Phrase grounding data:
[Start of Attachment]

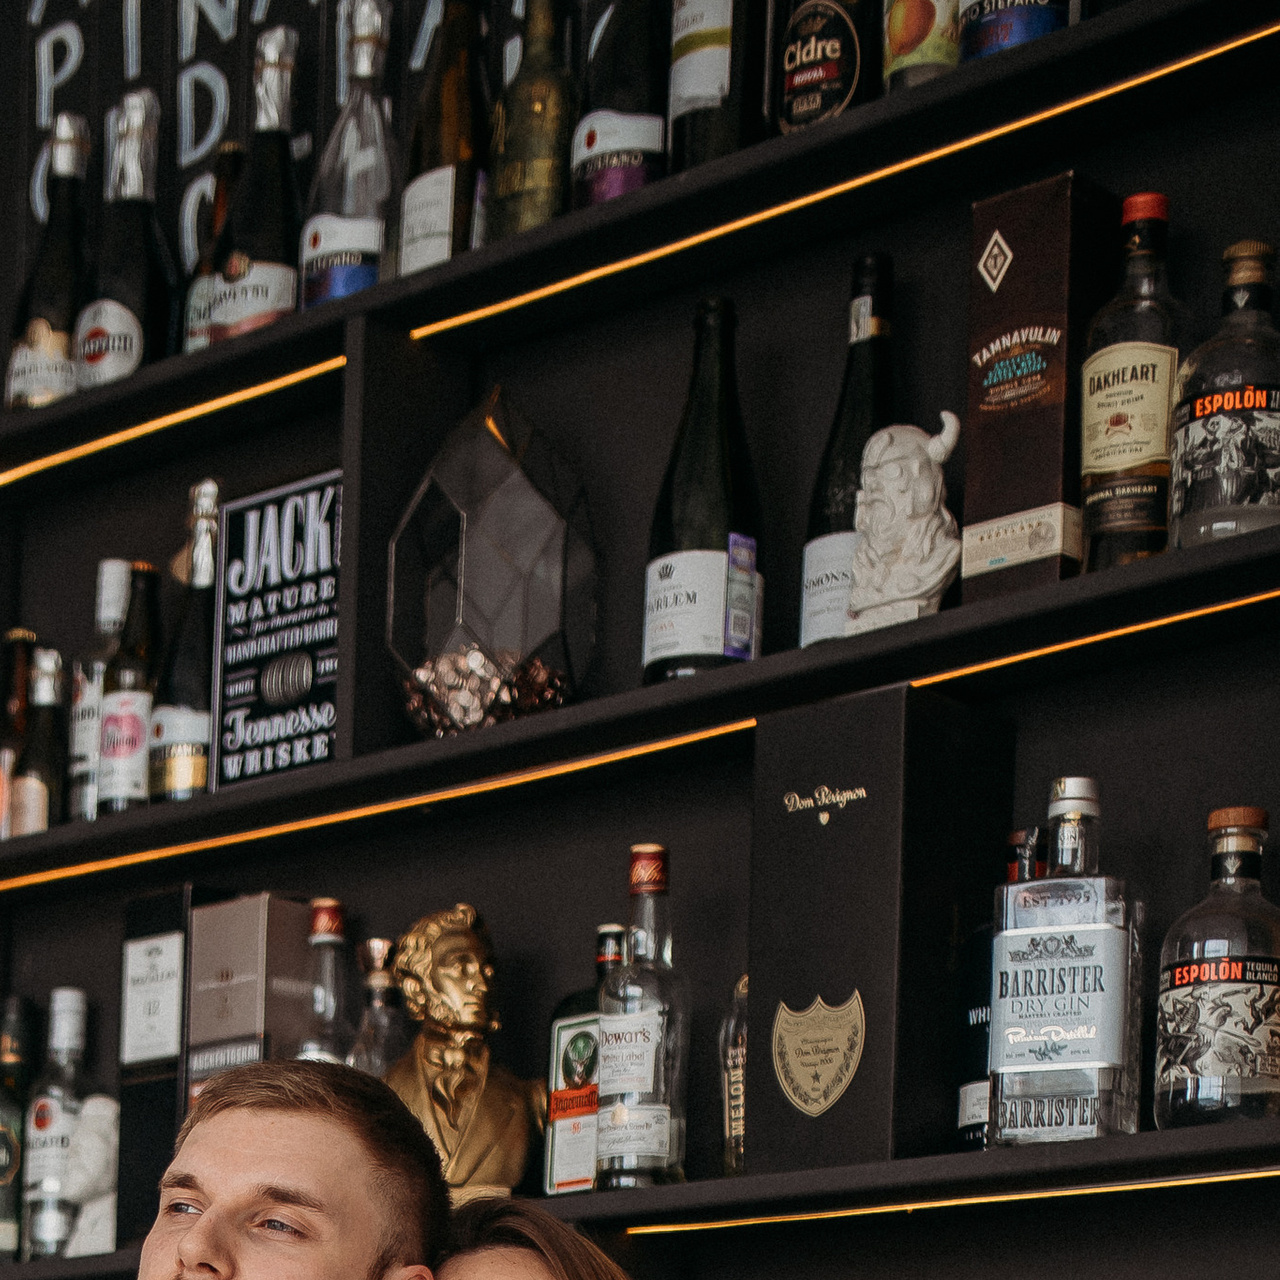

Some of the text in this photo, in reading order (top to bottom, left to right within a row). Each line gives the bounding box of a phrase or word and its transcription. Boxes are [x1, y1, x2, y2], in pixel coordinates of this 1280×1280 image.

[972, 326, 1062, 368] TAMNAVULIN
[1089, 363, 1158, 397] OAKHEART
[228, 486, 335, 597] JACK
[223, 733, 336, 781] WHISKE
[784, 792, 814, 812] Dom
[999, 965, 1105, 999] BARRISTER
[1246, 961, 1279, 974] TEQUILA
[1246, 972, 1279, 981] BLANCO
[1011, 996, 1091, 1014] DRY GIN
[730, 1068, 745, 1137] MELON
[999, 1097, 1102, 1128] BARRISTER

[End of Attachment]

=== What needs to be done ===
None of the pictures should be copied, but every record above must be restated in full.

=== Task answer ===
Some of the text in this photo, in reading order (top to bottom, left to right within a row). Each line gives the bounding box of a phrase or word and its transcription. Boxes are [x1, y1, x2, y2], in pixel coordinates of this 1280×1280 image.

[972, 326, 1062, 368] TAMNAVULIN
[1089, 363, 1158, 397] OAKHEART
[228, 486, 335, 597] JACK
[223, 733, 336, 781] WHISKE
[784, 792, 814, 812] Dom
[999, 965, 1105, 999] BARRISTER
[1246, 961, 1279, 974] TEQUILA
[1246, 972, 1279, 981] BLANCO
[1011, 996, 1091, 1014] DRY GIN
[730, 1068, 745, 1137] MELON
[999, 1097, 1102, 1128] BARRISTER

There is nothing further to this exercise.